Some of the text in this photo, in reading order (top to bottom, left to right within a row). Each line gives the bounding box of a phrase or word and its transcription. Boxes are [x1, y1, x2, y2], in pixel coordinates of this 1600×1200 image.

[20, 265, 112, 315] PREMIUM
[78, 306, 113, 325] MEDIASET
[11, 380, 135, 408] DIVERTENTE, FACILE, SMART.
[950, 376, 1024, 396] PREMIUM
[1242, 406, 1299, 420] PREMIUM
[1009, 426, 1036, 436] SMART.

What you are asked to do: Your answer must be an exact transcription of every record above.

Exercise output:
Some of the text in this photo, in reading order (top to bottom, left to right within a row). Each line gives the bounding box of a phrase or word and its transcription. Boxes are [x1, y1, x2, y2], in pixel coordinates of this 1600×1200 image.

[20, 265, 112, 315] PREMIUM
[78, 306, 113, 325] MEDIASET
[11, 380, 135, 408] DIVERTENTE, FACILE, SMART.
[950, 376, 1024, 396] PREMIUM
[1242, 406, 1299, 420] PREMIUM
[1009, 426, 1036, 436] SMART.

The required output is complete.